The encroachments upon the Araucanians finally grew irksome to those indomitable and intractable savages. What the Spanish armies and priests had failed in, the settlers who poured into the fertile plains and valleys of southern Chile seemed about to achieve. The next captain-general even tried to incorporate the independent tribes into the Spanish system, but when he attempted to gather them into towns the spirit which had animated their forefathers proved too strong. A war broke out which lasted several years and ended only when the Spanish government renewed the treaties guaranteeing them practical independence, and allowing them to keep an ambassador at Santiago. Just about this time the trans-Andean province of Cuyo was separated from Chile and transferred to the newly created Buenos Aires viceroyalty.

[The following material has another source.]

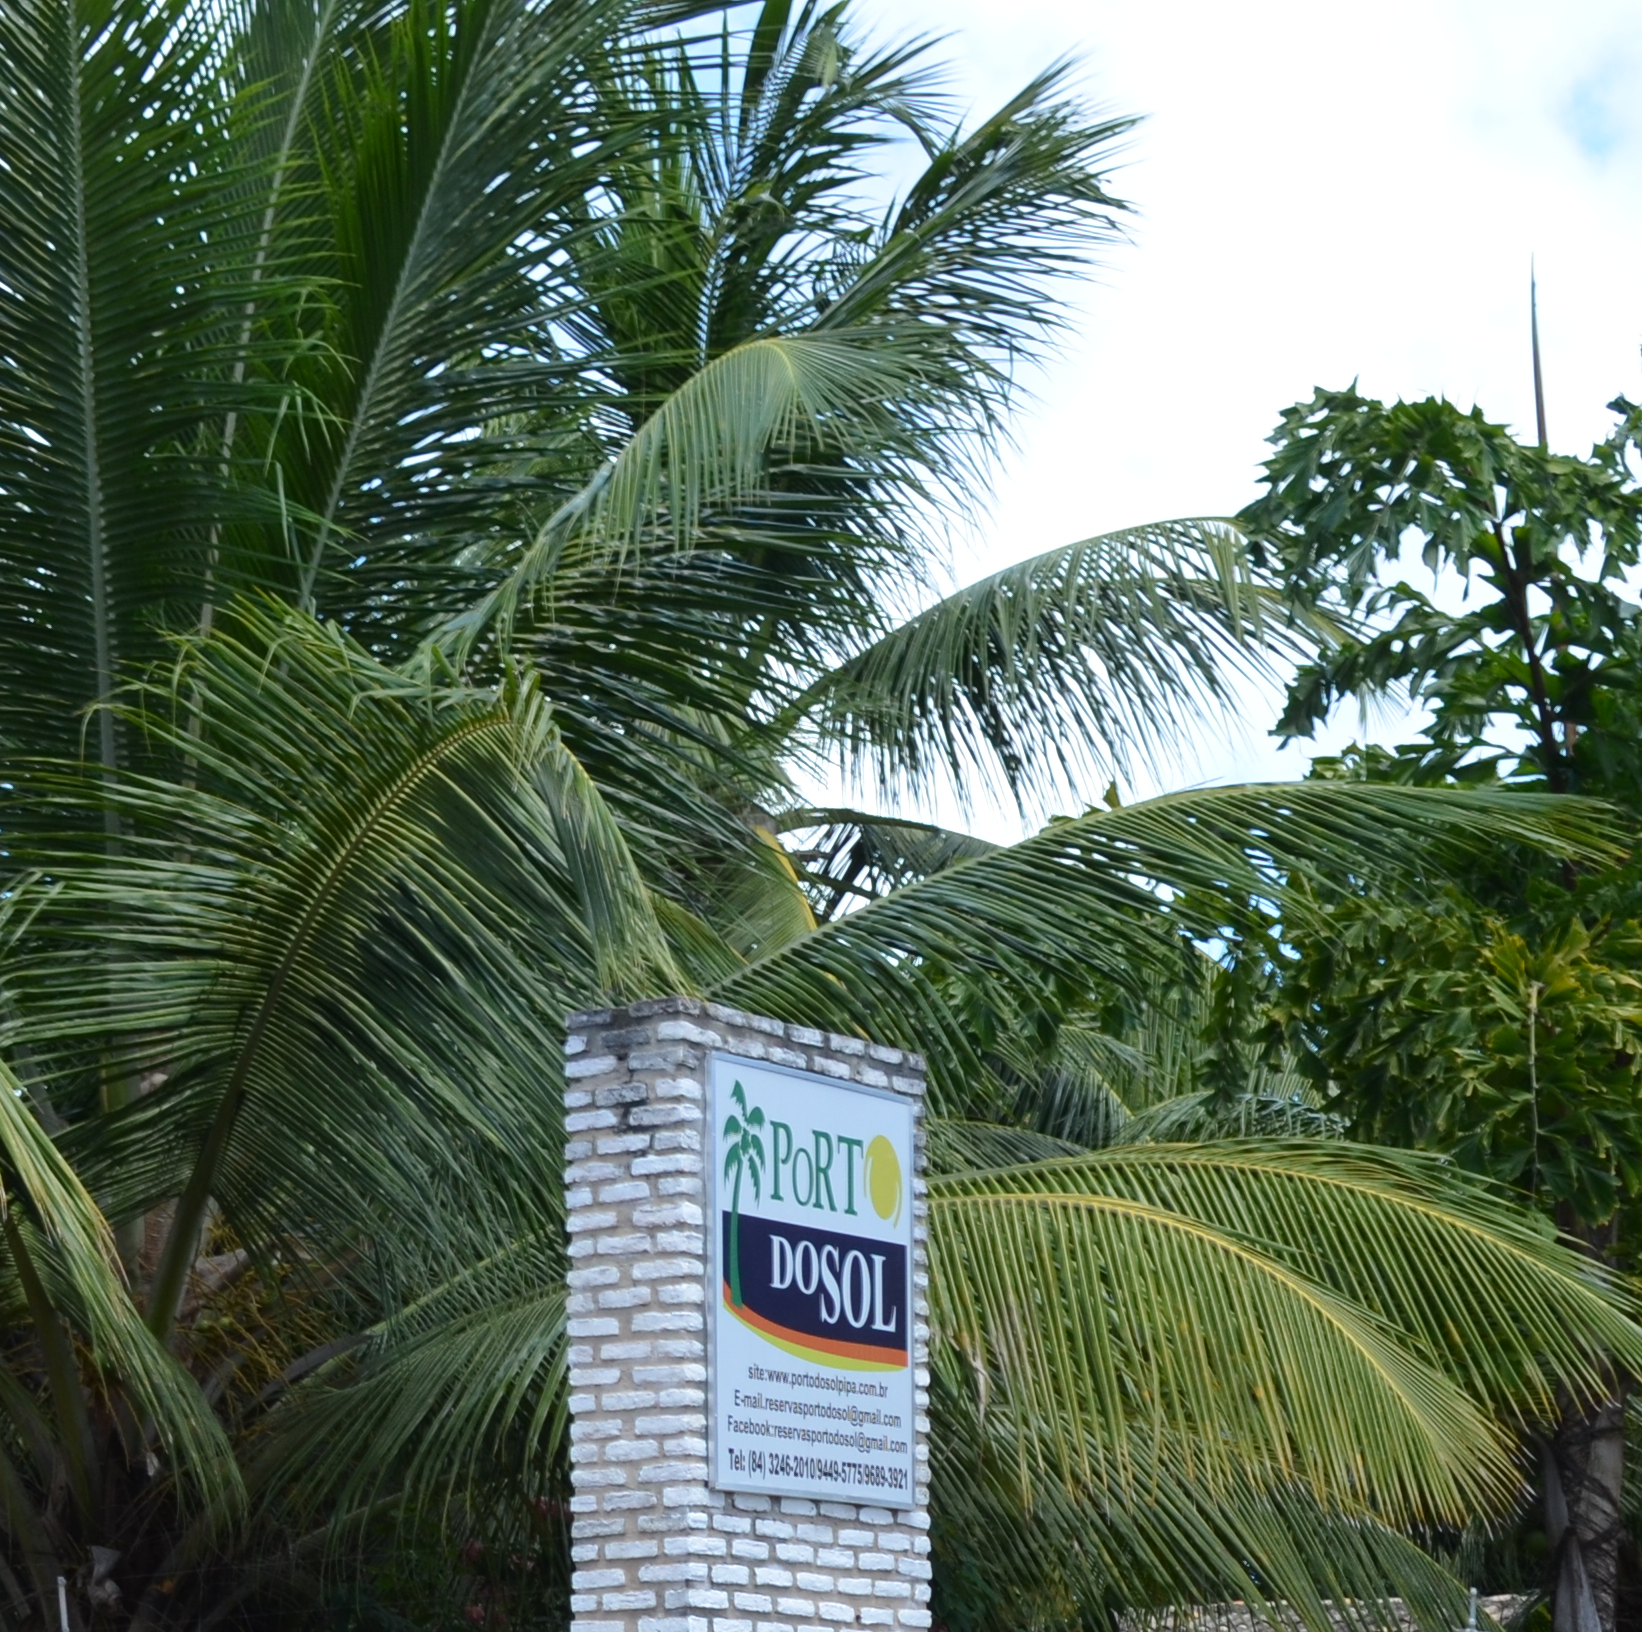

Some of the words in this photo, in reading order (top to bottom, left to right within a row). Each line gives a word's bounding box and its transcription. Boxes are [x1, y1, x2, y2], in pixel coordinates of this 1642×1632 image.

[769, 1234, 897, 1333] DOSOL
[728, 1448, 746, 1471] Tel:
[748, 1450, 766, 1480] (84)

Taken purely for reasons of administrative convenience, this measure resulted in shutting off Chile from expansion over the vast plains of the Plate Valley, confining her between the Andes and the sea, and ultimately securing to the Argentine a territorial and numerical preponderance among Spanish-American republics.
CHAPTER III
THE WAR OF INDEPENDENCE
The last years of Spanish rule were the most prosperous Chile had known. A brisk coasting trade sprang into being; a small merchant marine grew up; the removal of the prohibition against free commerce with the rest of Spanish South America raised prices. The opening of Buenos Aires reacted upon her western neighbour, and Chile ceased to depend on the Isthmus route. A spirit of enterprise was awakened by a freer intercourse with the outside world and by the immigration of hardy adventurers who came through Buenos Aires, the great South American rendezvous of that day.